Toutes les manipulations et procédures de manipulation et d’utilisation des animaux ont été approuvées par le comité institutionnel de soins et d’utilisation des animaux de l’Université de Californie à Riverside et étaient conformes aux directives de l’American Association for Laboratory Animal Care, du département de l’Agriculture des États-Unis et des National Institutes of Health. La méthode décrite utilisait des souris femelles adultes C57BL/6. Tous les animaux ont été euthanasiés par décapitation avant la récolte des tissus.

REMARQUE: Un aperçu du protocole, qui utilise un colorant bleu pour aider à la dissection efficace et au débobinage de l’oviducte, est illustré dans la première figure (Figure 1).

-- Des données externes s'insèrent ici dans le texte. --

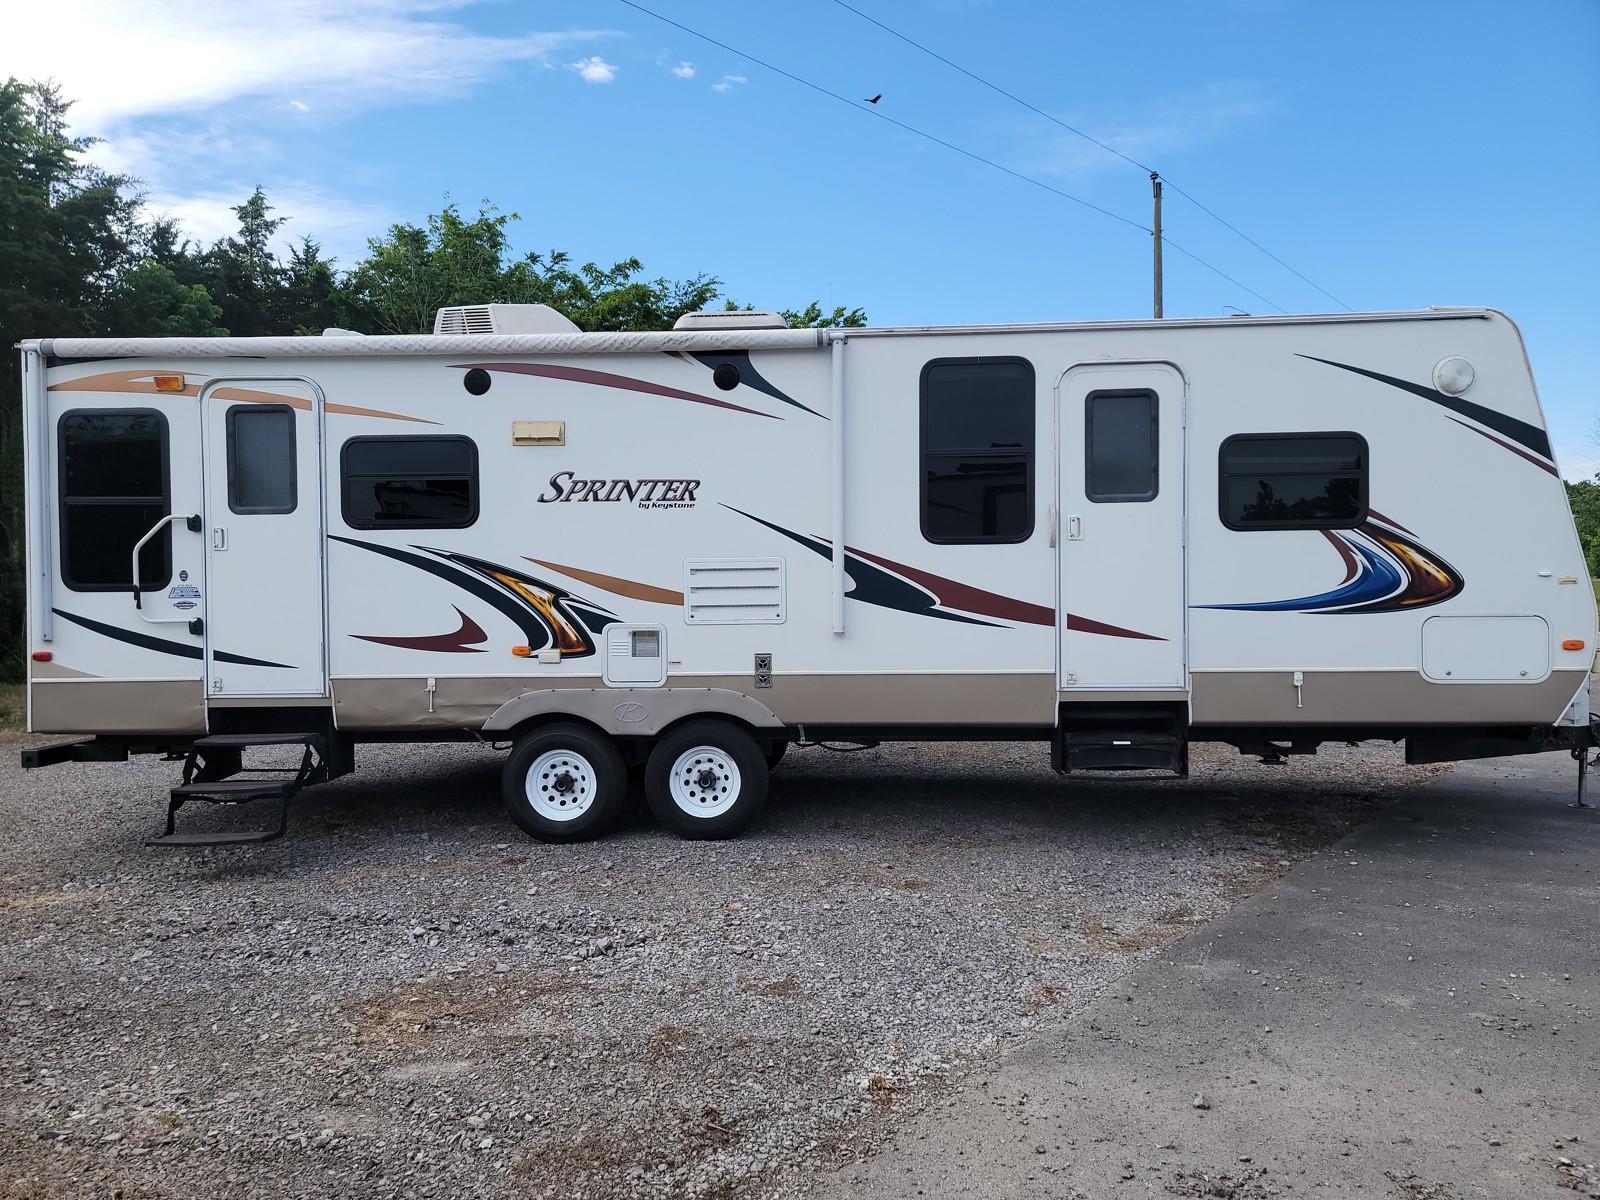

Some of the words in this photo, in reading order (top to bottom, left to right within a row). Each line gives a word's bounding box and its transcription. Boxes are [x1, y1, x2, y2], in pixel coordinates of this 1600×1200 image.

Figure 1 : Vue d’ensemble de la méthode de microdissection. (A) Le panneau de gauche montre la structure intacte d’où la plupart des coussinets adipeux ovariens et des restes de tissu conjonctif entourant l’oviducte ont été retirés. Après cela, l’ajout de bleu de toluidine aide à distinguer les bobines de l’oviducte (panneau du milieu). Le panneau de droite montre les structures après l’ablation de l’ovaire. (B) Un oviducte non enroulé avec des tours internes pour déterminer où chaque segment commence et se termine. (C) Caricature de la segmentation utilisée (non dessinée à l’échelle). Veuillez cliquer ici pour voir une version agrandie de cette figure.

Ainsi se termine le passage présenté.